Llevábamos tiempo queriendo enseñaros este maravilloso tutorial del estupendo blog A cup of Jo. En él Johanna nos explica paso a paso como realizar una misma, en unos cuantos gestos no muy complicados, este genial recogido. Hemos pensado que sería una buena idea para todas esas invitadas que no tengan ganas o no puedan ir a la peluquería ese día. Porque hay mil razones para no pasar por las manos del peluquero: la boda no es en la ciudad en la que resides y no quieres arriesgarte a ir a un salón que no conoces, no tienes tiempo, prefieres un look más natural pero sin ser demasiado informal, tienes un presupuesto muy ajustado para tu 15ª boda del año… También puede ser una buena alternativa para todas aquellas novias que estén pensando en una ceremonia íntima y relajada; en ese caso nosotros añadiríamos unas espigas, flores o algún tipo de broche o adorno al peinado.
1. Johanna recomienda lavar el pelo el día anterior, nunca el mismo día, para que sea más sencillo realizar el recogido.

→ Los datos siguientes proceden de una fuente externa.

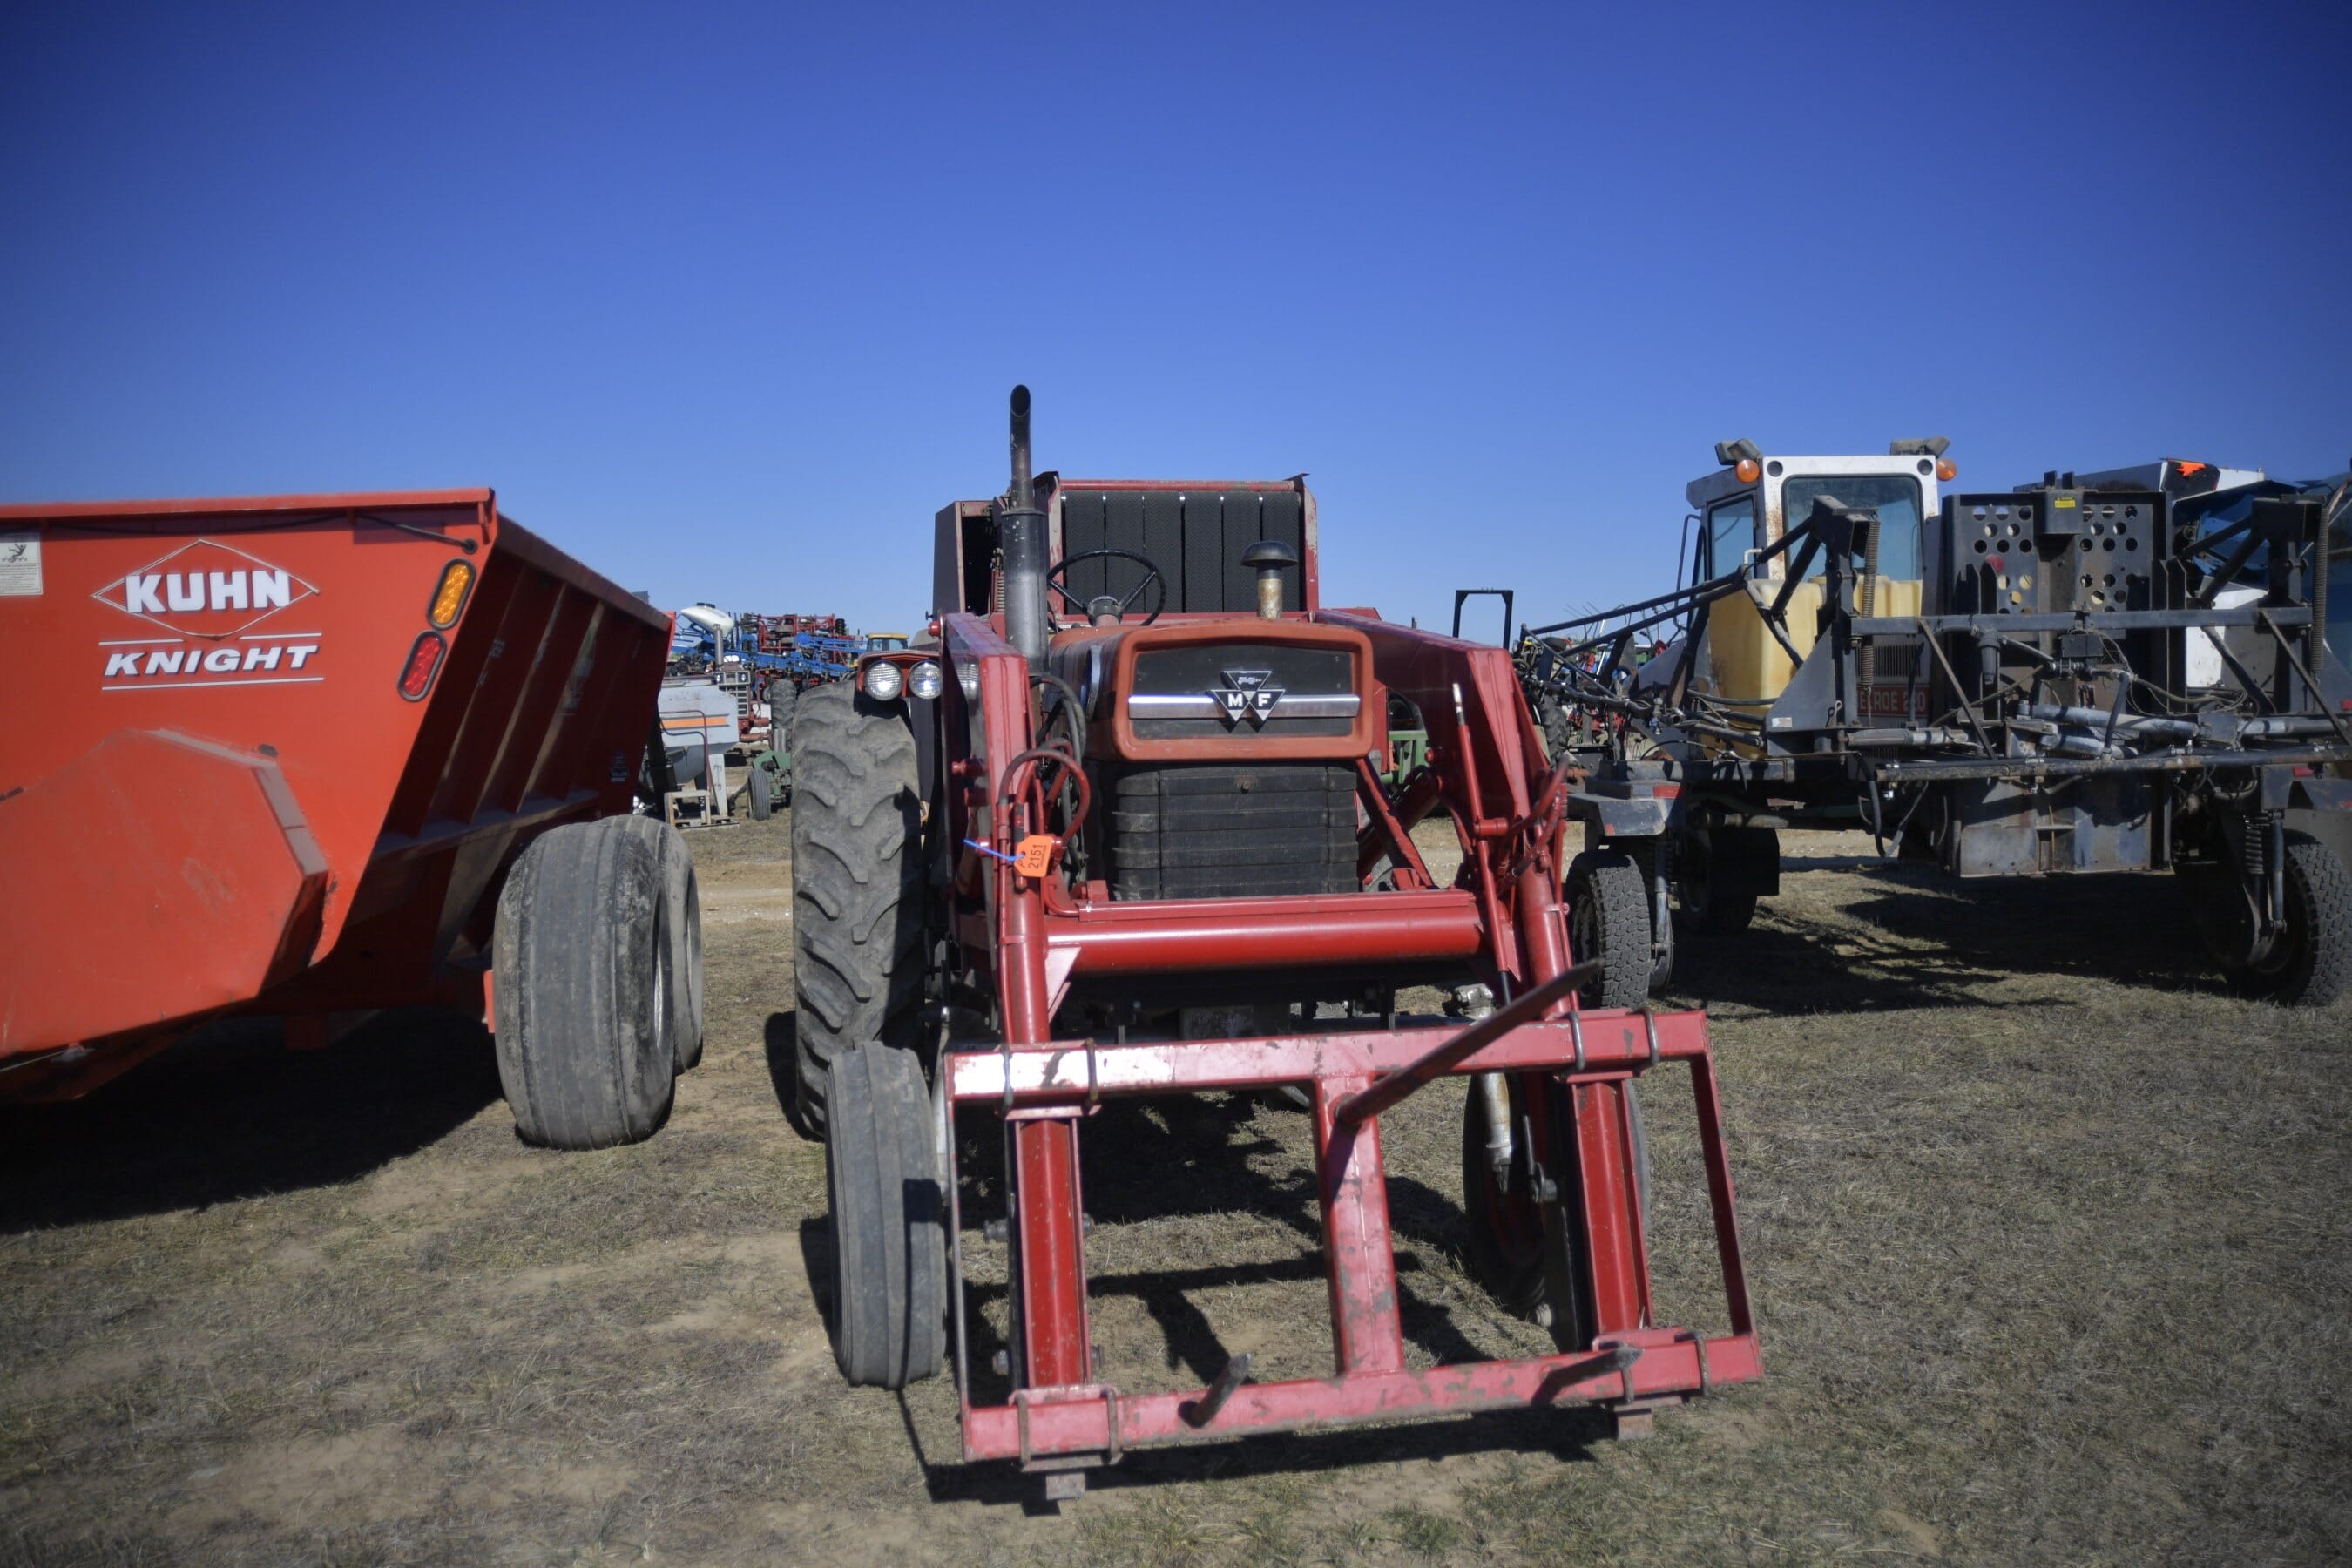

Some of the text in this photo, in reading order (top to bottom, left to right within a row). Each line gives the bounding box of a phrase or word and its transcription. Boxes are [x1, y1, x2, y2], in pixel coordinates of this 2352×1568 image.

[125, 570, 291, 613] KUHN
[104, 645, 319, 676] KNIGHT
[1227, 693, 1272, 707] M F
[1859, 690, 1897, 712] EROE
[1027, 844, 1044, 869] 2151

2. Divide tu melena en tres partes iguales con ayuda de un espejo y rocía cada sección con un poco de laca. Deja a la laca actuar durante unos segundos y luego cepilla suavemente cada parte.
3. Empieza con el trozo de tu derecha. Retuerce el mechón desde el cogote hasta llegar a las puntas, enrosca el pelo hacia tu rostro en el sentido de las agujas del reloj. Con la trenza resultante crea un moñito girándola en sí misma. Deja algún mechón suelto para darle un toque más natural y no parecer la princesa Leia en la Guerra de las Galaxias.
4. Sujeta el moño con horquillas pequeñitas del mismo tono que tu cabello para que pasen desapercibidas.
5. Repite la operación con las otras dos partes.
6. Rocía los tres moñitos con laca para fijar el peinado y ¡ya estás lista!
¿Qué te parece? El equipo de LBDA lo ha puesto a prueba para ver si de verdad era tan simple como parecía en las fotos y tenemos que reconocer que lo es. Hasta las más torpes del equipo nos hemos quedado sin escusa para pasar de la melena suelta a la cola de caballo y de la cola de caballo a la melena suelta en bucle. ¡Qué empecéis con buen pie la semana!
PD: Nadie ha dicho que no se pueda llevar para ir al despacho, hacer la compra, cenar con los amigos, pasar la aspiradora o recoger los niños en la guardería.